Observatoire ADAGP-SGDL 2026 : l'exploitation des droits cédés aux éditeurs par les autrices et les auteurs du livre

17 avr 2026

Après deux précédentes enquêtes consacrées à l'évolution des conditions contractuelles et de rémunération des auteurs du livre (2023) et à l’impact des intelligences artificielles génératives sur l’activité et les revenus des artistes-auteurs (2024), l’ADAGP, société de droits d’auteur dans les arts visuels, et la SGDL, Société des Gens de Lettres, ont réalisé, cette fois-ci, en partenariat avec le Snac, une enquête sur l’étendue des droits cédés par les autrices et les auteurs du livre lors de la signature d’un contrat d’édition et leur exploitation effective par les éditeurs. Ainsi, 659 contrats d’édition de tous les domaines éditoriaux et relatifs à des ouvrages publiés au cours des dix dernières années ont été analysés. 
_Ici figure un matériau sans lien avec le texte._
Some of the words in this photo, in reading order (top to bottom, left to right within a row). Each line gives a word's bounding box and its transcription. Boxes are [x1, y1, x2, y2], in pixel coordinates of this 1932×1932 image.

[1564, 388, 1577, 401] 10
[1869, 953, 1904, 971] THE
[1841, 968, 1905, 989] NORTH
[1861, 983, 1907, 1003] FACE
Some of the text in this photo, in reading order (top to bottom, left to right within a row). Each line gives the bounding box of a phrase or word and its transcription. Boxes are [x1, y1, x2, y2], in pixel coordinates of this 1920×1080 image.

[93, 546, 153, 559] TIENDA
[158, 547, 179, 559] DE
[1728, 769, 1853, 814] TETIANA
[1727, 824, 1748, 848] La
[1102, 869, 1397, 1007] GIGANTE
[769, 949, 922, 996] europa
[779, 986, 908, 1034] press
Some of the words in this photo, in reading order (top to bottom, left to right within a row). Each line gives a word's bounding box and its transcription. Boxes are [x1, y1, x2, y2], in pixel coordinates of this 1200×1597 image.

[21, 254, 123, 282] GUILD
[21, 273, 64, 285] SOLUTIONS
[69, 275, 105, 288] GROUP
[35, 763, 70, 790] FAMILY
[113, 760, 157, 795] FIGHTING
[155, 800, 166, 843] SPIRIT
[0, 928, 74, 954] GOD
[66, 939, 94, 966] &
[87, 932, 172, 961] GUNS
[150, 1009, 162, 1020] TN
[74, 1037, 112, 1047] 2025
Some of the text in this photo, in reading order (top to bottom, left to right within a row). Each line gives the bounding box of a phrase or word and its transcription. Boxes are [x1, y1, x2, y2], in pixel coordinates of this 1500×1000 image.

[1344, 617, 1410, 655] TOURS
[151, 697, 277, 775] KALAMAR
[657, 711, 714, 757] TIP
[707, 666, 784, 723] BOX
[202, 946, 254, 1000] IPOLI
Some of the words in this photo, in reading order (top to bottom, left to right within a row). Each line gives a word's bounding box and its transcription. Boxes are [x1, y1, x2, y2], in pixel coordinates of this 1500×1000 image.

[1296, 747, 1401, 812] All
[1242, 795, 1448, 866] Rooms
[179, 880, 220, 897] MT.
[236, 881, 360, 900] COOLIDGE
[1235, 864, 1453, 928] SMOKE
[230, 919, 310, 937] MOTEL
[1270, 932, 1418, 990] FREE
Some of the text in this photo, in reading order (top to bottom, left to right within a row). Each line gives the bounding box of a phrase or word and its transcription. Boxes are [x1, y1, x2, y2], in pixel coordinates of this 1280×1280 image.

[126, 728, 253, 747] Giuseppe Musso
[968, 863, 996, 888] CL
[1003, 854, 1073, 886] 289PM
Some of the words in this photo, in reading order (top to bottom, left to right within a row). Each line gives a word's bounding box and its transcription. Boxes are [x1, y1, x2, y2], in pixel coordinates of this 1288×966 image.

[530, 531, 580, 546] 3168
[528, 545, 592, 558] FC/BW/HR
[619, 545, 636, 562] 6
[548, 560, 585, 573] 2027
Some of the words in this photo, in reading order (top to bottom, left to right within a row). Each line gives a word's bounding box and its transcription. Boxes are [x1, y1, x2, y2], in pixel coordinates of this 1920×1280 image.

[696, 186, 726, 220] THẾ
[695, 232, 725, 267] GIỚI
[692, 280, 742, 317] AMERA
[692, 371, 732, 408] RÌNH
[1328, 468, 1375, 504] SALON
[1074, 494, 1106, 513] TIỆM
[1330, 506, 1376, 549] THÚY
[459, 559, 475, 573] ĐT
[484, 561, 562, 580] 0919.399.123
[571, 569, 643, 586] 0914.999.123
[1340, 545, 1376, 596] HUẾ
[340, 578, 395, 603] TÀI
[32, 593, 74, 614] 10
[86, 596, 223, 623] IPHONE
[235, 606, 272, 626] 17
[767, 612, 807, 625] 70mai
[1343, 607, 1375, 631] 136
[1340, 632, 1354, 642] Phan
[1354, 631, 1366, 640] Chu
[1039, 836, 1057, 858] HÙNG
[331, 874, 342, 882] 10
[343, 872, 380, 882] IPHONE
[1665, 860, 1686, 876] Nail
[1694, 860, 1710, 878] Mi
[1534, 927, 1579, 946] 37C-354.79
S’il n’est pas anormal que le champ de la cession et celui de l’exploitation puissent différer, des cessions trop larges privent les autrices et les auteurs d’une meilleure valorisation de leurs droits. En effet, selon les différents échanges avec les autrices et les auteurs, ces contrats d’édition incluent bien souvent la cession de droits qui ne seront au final pas exploités. 

Cette enquête vise à mesurer de façon objective :

  • Le niveau de compréhension et la fréquence de négociation des autrices et des auteurs quant à la cession de leurs droits ;
  • L’écart entre les droits cédés aux éditeurs, l’exploitation effective qui en est faite et la rémunération qui en découle pour les autrices et les auteurs ;
  • L’écart entre les obligations et les actions des éditeurs au sujet de l’exploitation permanente et suivie, ainsi que de la promotion des ouvrages publiés.

Il ressort notamment de cette enquête que :

  • Plus de la moitié des autrices et des auteurs estime que leurs contrats (52 %) et leurs relevés de droits (61 %) sont incompréhensibles ou peu compréhensibles.
  • Bien que la majorité des autrices et des auteurs cède ses droits dérivés, très rares sont les cas dans lesquels une rémunération correspondante est perçue. Par exemple : 58 % des répondants ont cédé le droit d'éditer des produits dérivés et seul 1 % a reçu une rémunération à ce titre. 
  • Les éditeurs n’assurent pas systématiquement la promotion des livres qu’ils éditent. Environ deux tiers des répondants disent que leurs ouvrages sont parfois (37 %), rarement (22 %) ou jamais (7 %) promus à leur sortie.

La synthèse des résultats de cette enquête est assortie d’encadrés pédagogiques visant à fournir aux autrices et aux auteurs des informations techniques ou juridiques sur leurs contrats d’édition, ainsi que sur les droits et marges de négociation dont ils disposent en la matière.